Bitcoin Has Gone Mainstream. That's a Very Big Deal

Michael J. Casey is chairman of CoinDesk’s advisory board and a senior advisor of blockchain research at MIT’s Digital Currency Initiative.

Last week, my eighth-grader came home saying that all the boys at school were talking about bitcoin.

Some might describe this vignette, and many others like it from the past few weeks, as a 2017 version of that ominous 1929 moment when shoeshine boys started giving stock tips. But whether or not they signal the bursting of a bubble, these stories also mean something far more important: bitcoin has gone mainstream.

I’m not talking about the long-awaited mass adoption point in which a critical mass of users owns, earns and spends bitcoin. We’re still a long way from that notion of “mainstream.”

Rather, it’s a moment of global awareness and dialogue. Even without user adoption, it opens up an immeasurably large array of possibilities, both positive and negative.

As crypto-asset prices have gone haywire this past month, the whole world has started talking about bitcoin, cryptocurrencies and blockchain technology – around dinner tables, at holiday parties, in boardrooms, at trade conferences, in government meetings.

At this stage, it’s not a sophisticated conversation. Knowledge and understanding are still seriously lacking. But people are gripped with curiosity, and that’s no small matter.

This human conversation can’t be separated, either, from the widening engagement of institutions, big and small. Business news shows and websites are now running the BTC ticker on their home screens alongside the Dow Jones Industrials. Every day, mainstream newspapers and online publications run high-profile articles on bitcoin, ICOs and decentralized approaches to everything from ridesharing and supply chain management to social media and healthcare.

Established companies are forming research consortia with their suppliers, vendors, competitors and new crypto startups to define the future open-source protocols of their industries. The World Bank, the IMF and other multilateral institutions are setting up blockchain labs for development and humanitarian objectives. Central banks are exploring programmable, digital fiat currency prototypes that, despite being government-controlled and centralized, could disintermediate banks and stoke a global competition for new monetary models.

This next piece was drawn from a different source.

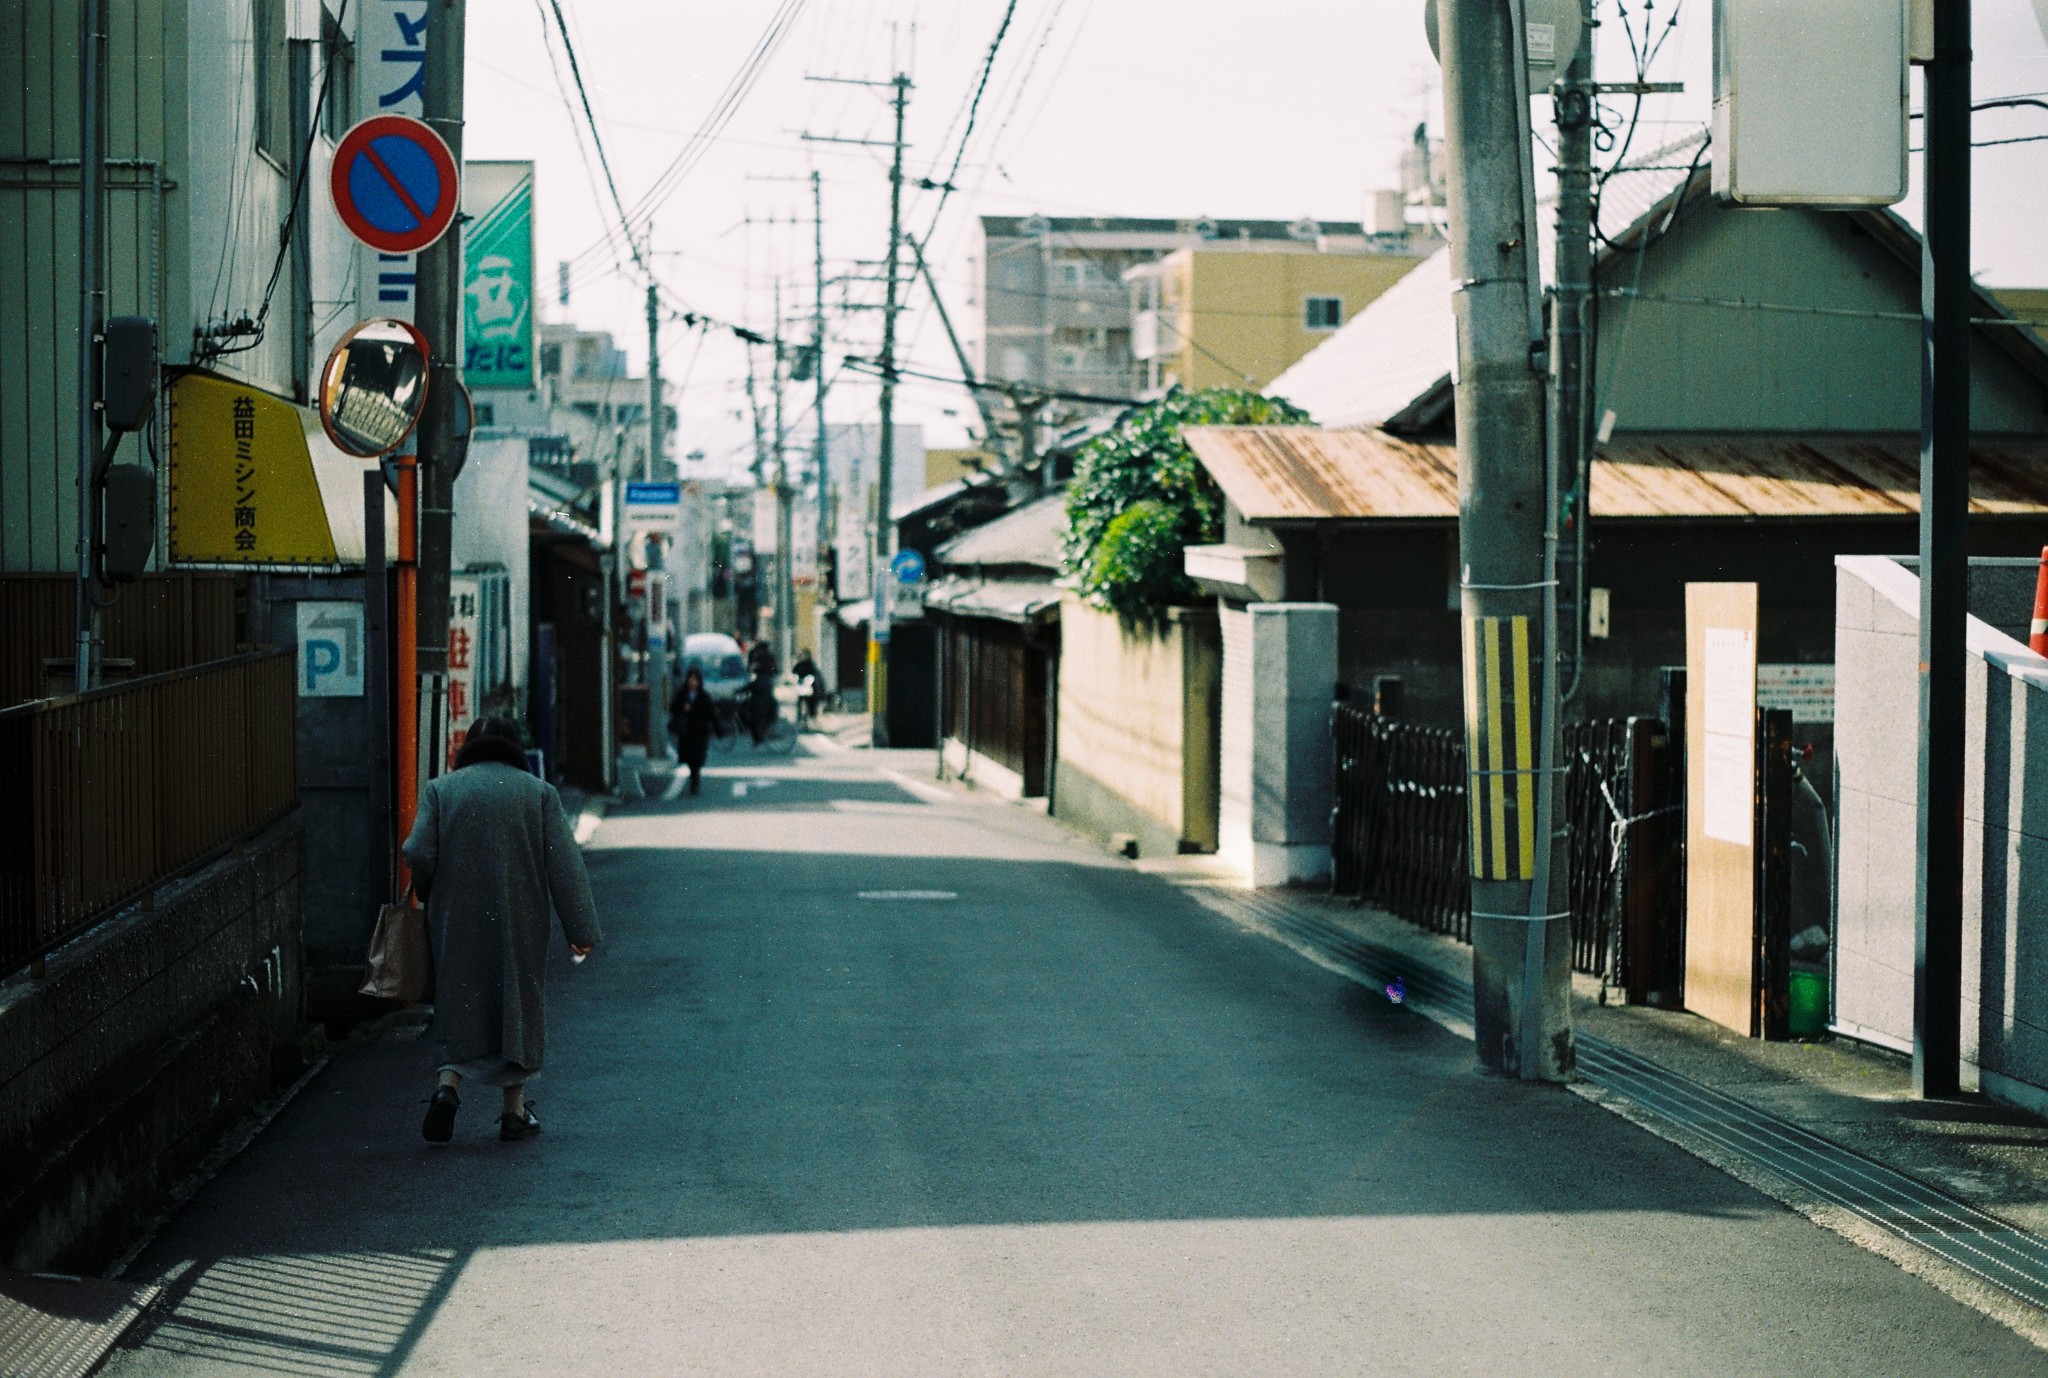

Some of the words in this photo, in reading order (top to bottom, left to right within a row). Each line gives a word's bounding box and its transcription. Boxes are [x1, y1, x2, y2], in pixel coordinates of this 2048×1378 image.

[233, 396, 256, 551] 益田ミシン商会
[306, 639, 341, 689] P

Meanwhile, tens of thousands of entrepreneurs in dozens of different countries are launching moon-shot ideas to disrupt virtually every market on earth.

There is no turning back. The age of cryptocurrency has arrived.

More than market mania

To battle-hardened cryptographers and Wall Street veterans alike, it all looks a bit disturbing.

They cringe as newbies pile into digital assets while touts of varying integrity woo them with blockchain schemes based on untested, undeveloped or often non-existent technology.

The cynics’ concerns are justified. People will lose money. A lot. Fingers of blame will be pointed. Mostly at the wrong parties.

But there’s much more to this than the hype-stoked crypto markets. The intense attention on this unprecedented economic phenomenon is prompting people to ask some key, probing questions.

Where does this fervor for bitcoin come from? What’s underlying it? Why does blockchain technology matter? Is it an opportunity for me, for my business, for society? Or is it a threat?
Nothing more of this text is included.